A one-off punitive super-tax on of more than 50 per cent on bonuses of bankers is expected to be at the centre of the report.
The government intends the tax to act as a clear message to the high earners of the City, but middle Britain could escape unscathed. The report of projected savings will set a political battleground in the run-up to the general election next year.
Darling has warned that better-off earners would have to pay more towards the cost of the economic recovery, saying "we would expect the broadest shoulders to bear the greatest burden".
Central to this is thought to be a windfall tax on bankers' bonuses, either in the form of a super-tax on bankers who receive payouts above a certain level, or increased national insurance charges for banks that pay big bonuses.
The pre-budget report will outline plans to cut the budget deficit in half by 2014. But critics have warned that a tax on bonuses will not alone raise enough to cut the estimated budget deficit of £180bn.
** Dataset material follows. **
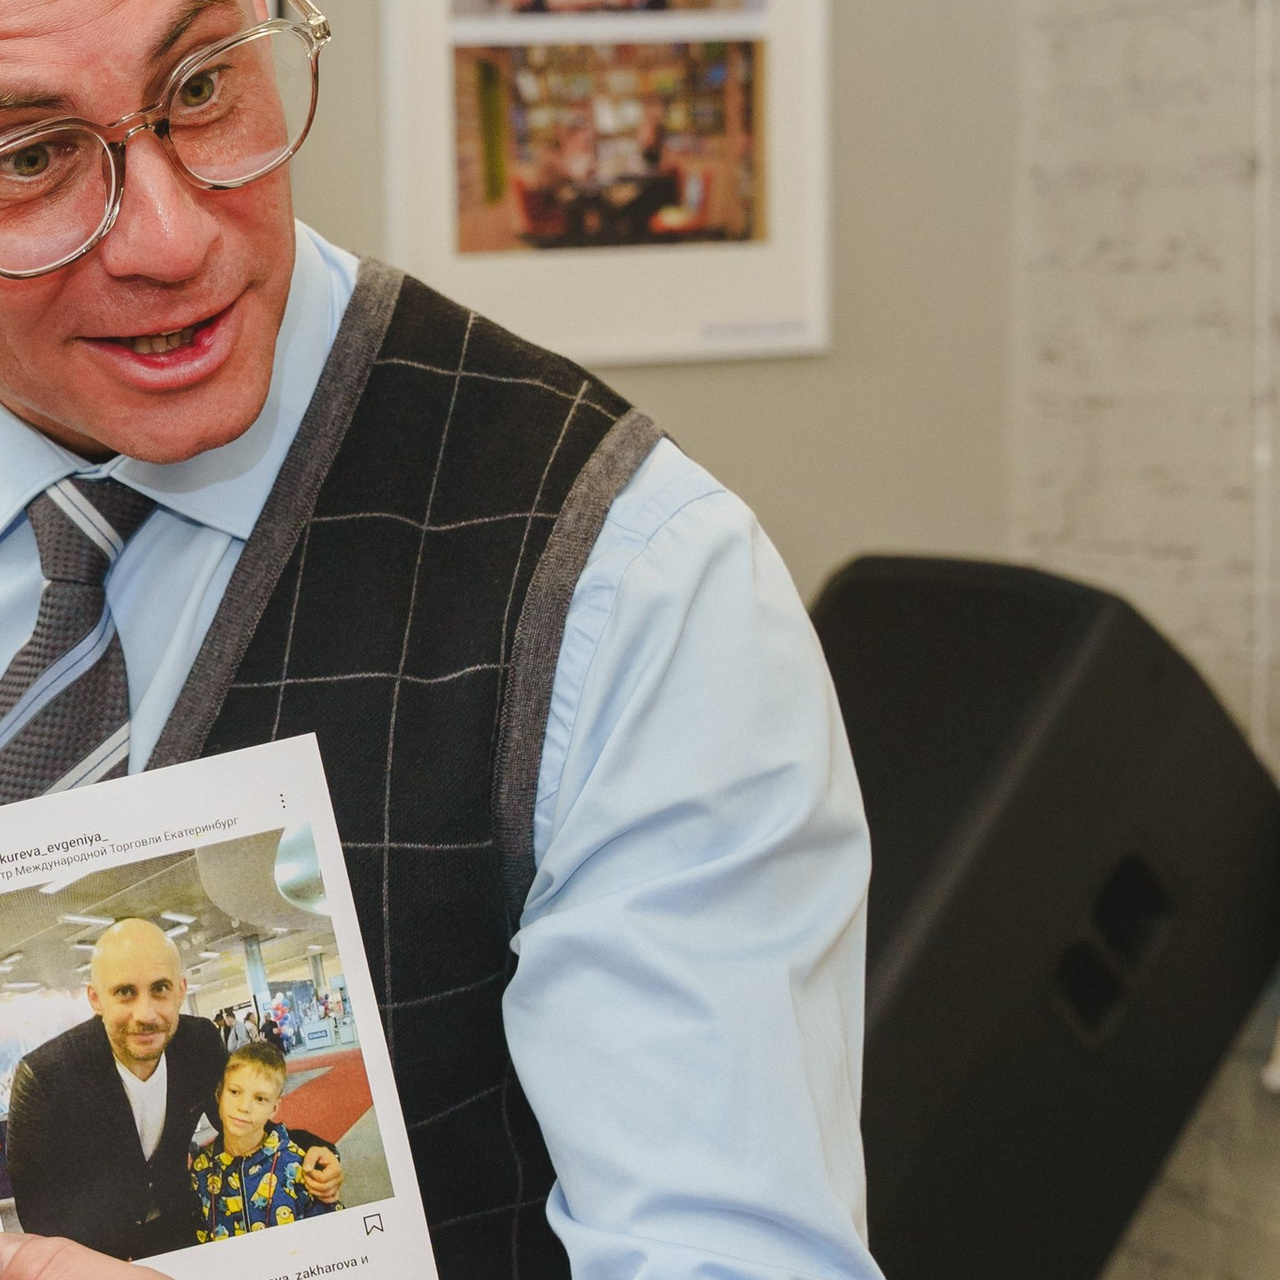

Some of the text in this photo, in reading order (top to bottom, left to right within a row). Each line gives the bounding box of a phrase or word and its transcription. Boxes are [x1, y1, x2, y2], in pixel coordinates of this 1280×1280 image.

David Kilshaw, tax partner at KPMG, said: "The thing about the bankers' bonuses is that it's not actually going to raise that much money.
"While it might attract headlines, in wider tax terms it's not going to help his tax ambitions."
Instead Kilshaw said he expects Darling to turn to one of his big three earners, namely income tax, national insurance or VAT.
He thinks the most likely measure that will be introduced by the chancellor is a freezing in the thresholds at which at which the basic and higher rates of income tax kick in.
Darling is expected to press ahead with moves to introduce a new 50 per cent income tax band for those earning more than £150,000 from April next year, as well as scrapping personal allowances for people earning above £100,000.
He is also expected to announce plans to delay raising the threshold at which inheritance tax kicks in.
Other announcements could also include an increase in the rate at which Capital Gains Tax is paid, from its current level of just 18 per cent to 25 per cent or higher.